Could the records below be restated word for word, without a single picture?

Data for processing START

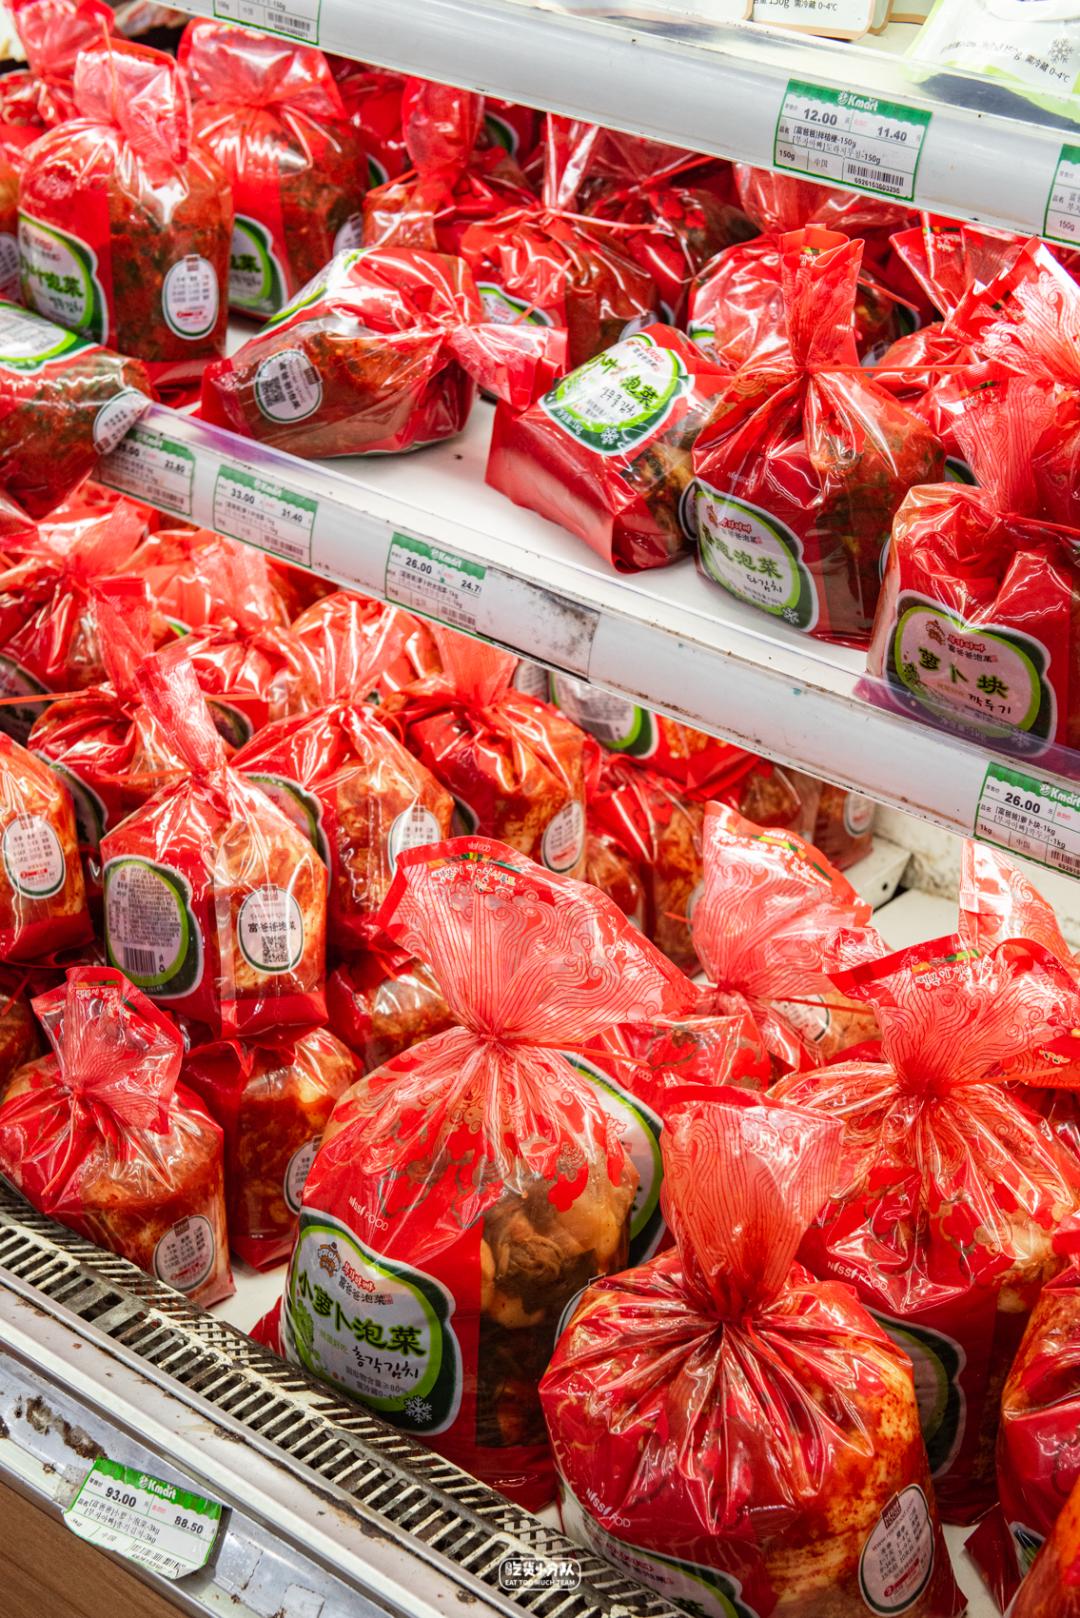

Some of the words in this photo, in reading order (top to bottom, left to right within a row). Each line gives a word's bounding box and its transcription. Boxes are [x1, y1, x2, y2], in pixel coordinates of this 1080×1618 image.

[848, 94, 879, 111] Kmart
[803, 108, 838, 126] 12.00
[877, 126, 907, 141] 11.40
[779, 149, 796, 161] 150g
[231, 488, 255, 505] 33.00
[405, 557, 432, 575] 26.00
[1004, 792, 1041, 814] 26.00
[980, 824, 993, 835] 1kg
[827, 1260, 858, 1278] NISSI
[858, 1273, 888, 1291] FOOD
[352, 1345, 419, 1380] 총각김치
[105, 1486, 136, 1508] 93.00
[148, 1479, 177, 1500] Kmart
[585, 1487, 612, 1515] NISSI
[174, 1515, 204, 1534] 88.50

Data for processing END

→ Answer
Some of the words in this photo, in reading order (top to bottom, left to right within a row). Each line gives a word's bounding box and its transcription. Boxes are [x1, y1, x2, y2], in pixel coordinates of this 1080×1618 image.

[848, 94, 879, 111] Kmart
[803, 108, 838, 126] 12.00
[877, 126, 907, 141] 11.40
[779, 149, 796, 161] 150g
[231, 488, 255, 505] 33.00
[405, 557, 432, 575] 26.00
[1004, 792, 1041, 814] 26.00
[980, 824, 993, 835] 1kg
[827, 1260, 858, 1278] NISSI
[858, 1273, 888, 1291] FOOD
[352, 1345, 419, 1380] 총각김치
[105, 1486, 136, 1508] 93.00
[148, 1479, 177, 1500] Kmart
[585, 1487, 612, 1515] NISSI
[174, 1515, 204, 1534] 88.50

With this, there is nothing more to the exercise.